Гриша Брускин: Разный, в зависимости от картины, в зависимости от темы. Где-то это имеет такое же значение как образ. Например, в серии картин Алеф-Бета это имеет отношение к мифу об иудаизме. Там образ книги, образ чего-то написанного, это такой же важный и фундаментальный образ как изображение каких-то аксессуаров или людей в этих картинах. И если брать другие картины, там функция текста другая. Но, в принципе, текст очень важен для меня в изобразительном искусстве. Мне всегда хотелось представить картину как текст, а текст, как картину.

Александр Генис: Ваши книги складываются в краткую, может быть, даже сверхкраткую анекдотическую историю концептуального искусства. Как вы себя чувствуете в роли вольного или невольного историка этого движения?

Гриша Брускин: Я ни в коем случае не записываюсь в историки этого движения и, вообще в какие-либо историки. Я как бы частный коллекционер. Поэтому я ни в коем случае не претендую на всеобщее движение, это просто какие-то отдельные истории из жизни близких мне или интересных мне людей. А что касается краткости истории, для меня как бы эта краткость сложна и принципиальна. У меня есть любимые писатели, которые пишут очень длинно и медленно разматывают нить повествования. Например, мой любимый Томас Манн или Лев Николаевич Толстой. Или Пригов, который мне писал письма, и для того, чтобы понять, что же он мне хочет сказать в первой строке, мне нужно было перелистать две страницы. Но мне интереснее и свойственнее писать так, как когда слово тяготеет к развернутому повествованию, даже не предложение, и когда немного слов говорят многое о том, что ты хочешь выразить и сказать.

Александр Генис: Вы прожили много лет в Америке. Когда вы сравниваете историю своего движения, концептуализма, с американским, к каким выводам вы приходите?

Гриша Брускин: Я думаю, как говорили раньше - «Два мира - два Шапиро». Здесь одна история, а там - другая история искусства. Безусловно, было что-то общее, что носилось в воздухе.
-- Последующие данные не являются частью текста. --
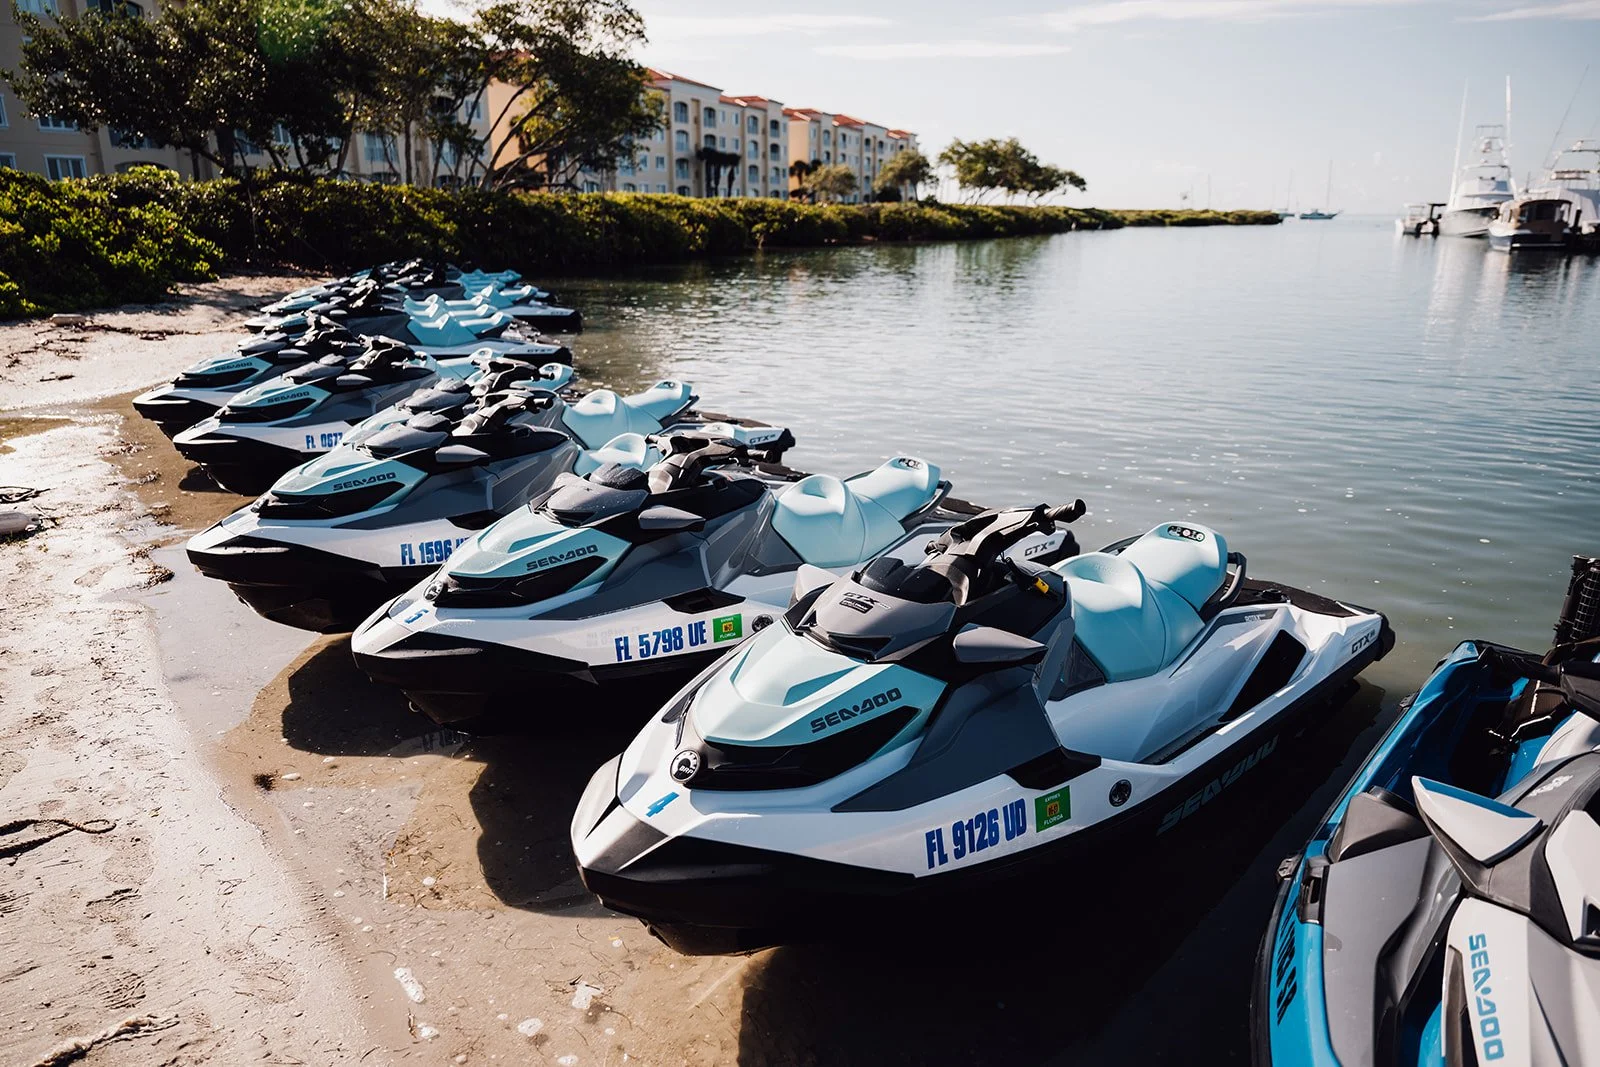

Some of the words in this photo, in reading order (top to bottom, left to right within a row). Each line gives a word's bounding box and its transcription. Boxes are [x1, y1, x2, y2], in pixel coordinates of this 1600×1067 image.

[305, 434, 317, 450] FL
[400, 543, 416, 566] FL
[418, 538, 453, 564] 1596
[1024, 542, 1048, 557] GTX
[614, 637, 633, 662] FL
[638, 626, 684, 659] 5798
[687, 620, 707, 648] UE
[679, 765, 694, 775] BRP
[645, 791, 680, 818] 4
[925, 827, 949, 870] FL
[952, 808, 1000, 860] 9126
[1002, 798, 1027, 842] UD
Но надо учитывать, что так называемые «московские концептуалисты», то есть художники, о которых идет речь в моих книгах, это был изолированный мир, мир за железным занавесом, это была такая закрытая комната, закрытое пространство, в котором это все происходило. Потому русское искусство, русский концептуализм имеет свои уникальные черты, которых нет в западном искусстве. Поэтому сравнивать очень трудно и неправомочно, я думаю.

Александр Генис: Из ваших книг складывается образ русского художника на протяжении последних 30 лет. Это целое поколение в русском искусстве. И нельзя не думать в перспективе об этом движении. Как вы видите будущее русского концептуализма сегодня?

Гриша Брускин: Я не предсказатель. Я уверен, что то, что называется сегодня «русским концептуализмом», разные люди имеют в виду разное, когда говорят «русский концептуализм». Безусловно, это часть истории русского искусства, а в дальнейшем будут другие формы искусства, и уже они есть, которые называются не концептуализмом, а как-то иначе, или это будет какой-то нео-концептуализм или постконцептуализм. Но то движение, которое было, оно кончилось.

(Музыка)

Работа Брускина

Александр Генис: А теперь я хочу привести несколько высказываний художника из каталога одной из его множества выставок. Мне кажестя, что эти цитаты помогут нам войти в тот своеобразный художественный мир, который делает знакомое странным, прошлое - будущем и зрителя - свидетелем подсознательных фобий, детских кошмаров и социальных угроз.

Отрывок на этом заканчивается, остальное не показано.